When Bergamo was 17, his parents died. He wanted to join the military, but for his brother to keep Section 8 housing, Bergamo had to live there as his dependent.
During tough times, police officers had always been nice to Bergamo. He looked up to them. To give back, he studied criminology in college.
In 2006 — just 22 years old — he was hired by the Westport Police Department. His duties include overseeing the car seat program, motorcycle instructor and field training.
Bergamo won the Medal of Valor, for his actions in the Westport force’s first shooting in 30 years.
He also earned a Community Service Award for his fundraising with LivFree, a pediatric cancer support group.
Giving back is a key part of who Bergamo is. He coached in Norwalk’s Pop Warner football program for 6 years.
Early in his Westport police career, PAL athletic director Carmen Roda suggested he get involved with the local program. He became head football coach for 3rd, 4th and 5th graders, then volunteered as secretary and vice president.
Now he’s in charge of the entire Westport PAL.
Earlier this month, Bergamo succeeded Ned Batlin as president.

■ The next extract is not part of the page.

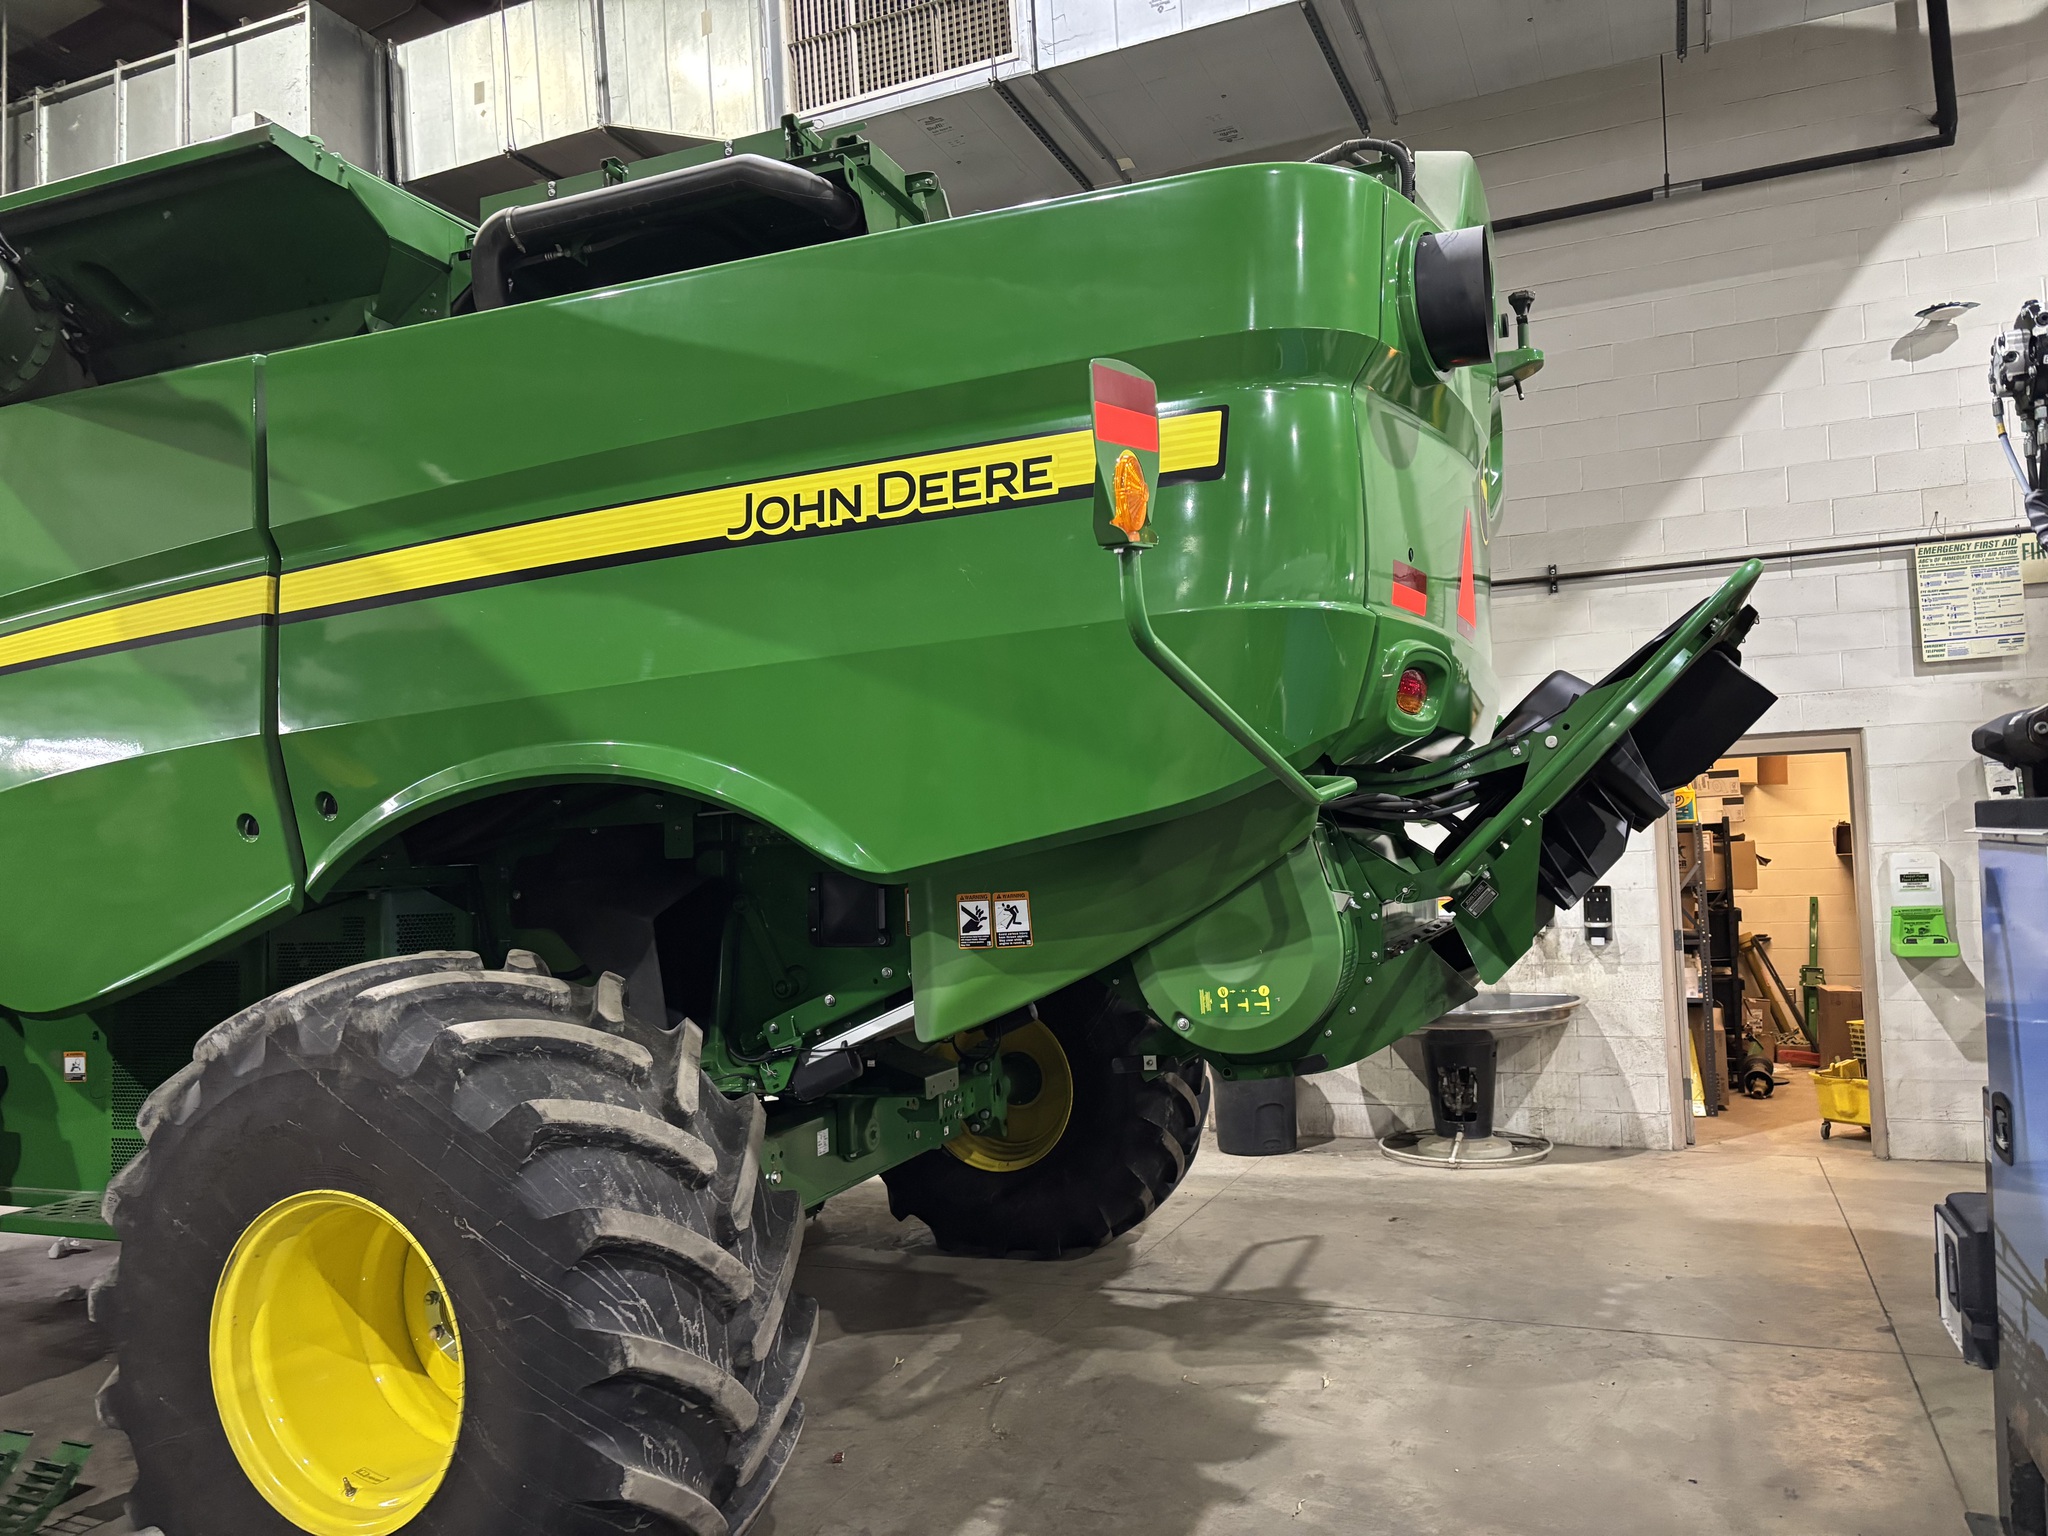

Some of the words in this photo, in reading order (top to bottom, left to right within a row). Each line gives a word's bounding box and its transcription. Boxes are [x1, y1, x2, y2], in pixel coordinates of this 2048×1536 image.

It’s a big job. PAL serves thousands of youngsters through football, lacrosse, basketball, wrestling, rugby, track and cheerleading programs.
PAL also runs a robust scholarship program, the ice skating rink at Longshore — and Westport’s annual Independence Day fireworks.
“This is an amazing organization,” Bergamo says. “The motto is ‘All about the kids and community.’ It’s safe and friendly. There are not many Police Athletic Leagues still out there. But ours is going strong.”
Bergamo is already planning new fundraising efforts — like a car show, digital events, perhaps a gala “when things are normal.”
For someone who grew up in shelters, and lost his parents as a teenager, offering hope and activities to youngsters is crucial. In addition to his PAL efforts, he coaches his daughters in softball.
“When I see 3rd graders I coached move up to high school, and then graduate. I get chills,” Bergamo says. “I’ve had great interactions with them, and their parents. That’s what PAL is all about.”